On passe ainsi de l’exigence de liberté à celle d’égalité, ce qui transforme progressivement le schéma précédemment dégagé. Ce ne sont plus les élites qui contrôlent le processus, et donc ce que Léon Trotski a improprement baptisé le « Thermidor russe » n’est pas un compromis entre modérés des 2 camps, mais au contraire une radicalisation égalitariste (collectivisation forcée dans les campagnes et industrialisation/urbanisation planifiée). La terreur stalinienne n’est pas le « délire aberrant d’un tyran paranoïaque » mais le camouflage fonctionnel d’une vérité non conforme à l’idéologie : la non-adhésion volontaire des paysans et le dysfonctionnement chronique de l’économie planifiée (p 367-8).

 

Revenons cependant aux révolutions écartées du livre de MALIA. Celui-ci fait plus qu’évoquer en passant les tentatives révolutionnaires du XIXe , notamment les fameuses révolutions de 1848. C’est pour remarquer qu’aucune ne réussit mais qu’elles sont fondamentales pour comprendre la radicalisation socialiste de l’idéal révolutionnaire : elles ont eu pour point commun en effet de susciter une réaction autoritaire face aux revendications égalitaires de la plèbe urbaine, qui a cassé en deux l’alliance libérale hostile à l’Ancien Régime. C’est de cette césure que naît un parti ouvrier autonome, dont la théorisation la plus répandue sera le marxisme.

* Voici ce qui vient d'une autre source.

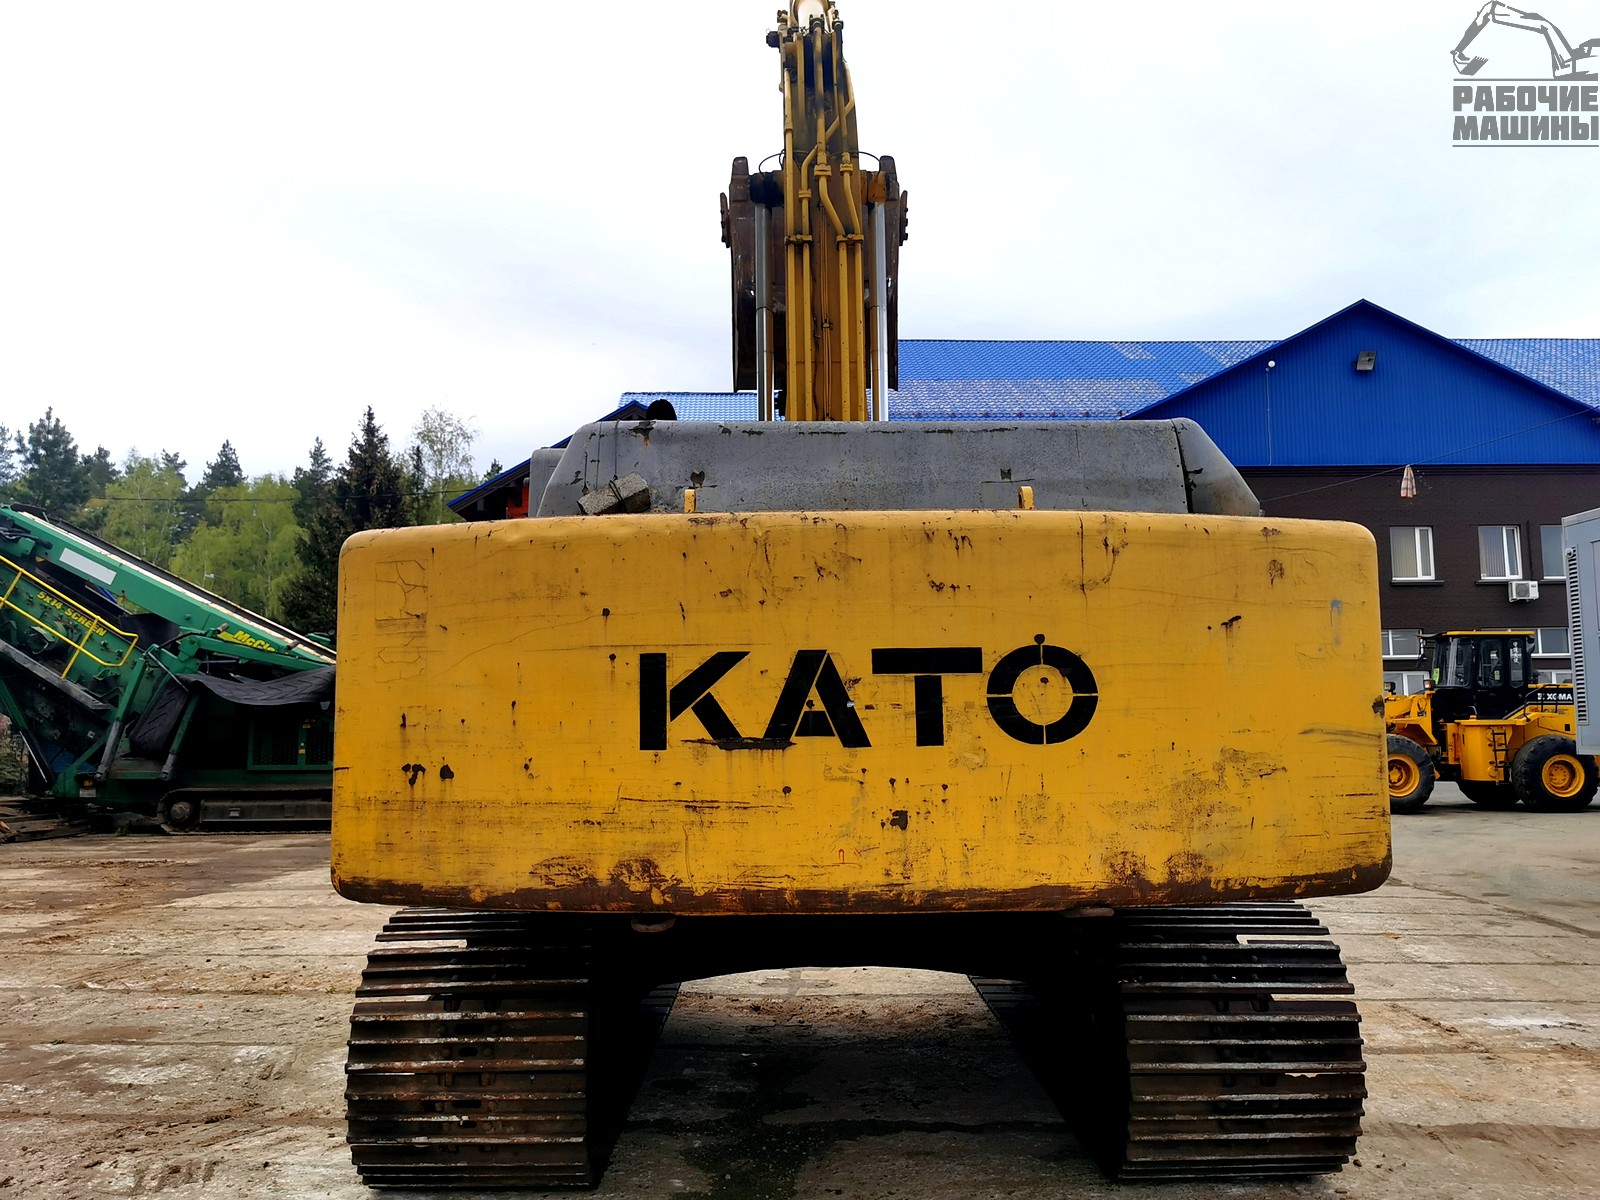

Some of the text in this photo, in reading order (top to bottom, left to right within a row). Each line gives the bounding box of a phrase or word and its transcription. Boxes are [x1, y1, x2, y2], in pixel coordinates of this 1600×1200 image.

Et donc s’ouvre ainsi un nouvel âge dont la révolution russe est le fruit.

Cela induit ainsi toute une discussion sur le contenu de la théorie marxiste : Malia ne cache pas son opposition à certains de ses postulats…et notamment à celui du rôle déterminant des rapports de production et des forces productives, et donc à celui de la révolution comme « transition de la domination d’une classe à la domination d’une autre » (p375).

Ses observations font au contraire apparaître que la révolution est un phénomène spécifique de liquidation de l’Ancien Régime dont le contenu est essentiellement politico-constitutionnel et idéologico-culturel et non socio-économique (p373).

Par ailleurs, les seules révolutions marxistes réussies ont lieu dans les pays économiquement les plus arriérés et non les plus avancés comme l’aurait voulu la théorie.

 

En découle bien sûr la dérive rapidement observée entre le but proclamé (la construction du communisme : une société d’hommes libres et égaux, d’où toute coercition a disparu) et la réalité strictement contraire de la dictature de parti unique ayant à sa tête un leader tout-puissant.

 

 

Des prémisses de cette dérive témoigne la relecture de 2 témoignages de première main sur les débuts de la révolution russe.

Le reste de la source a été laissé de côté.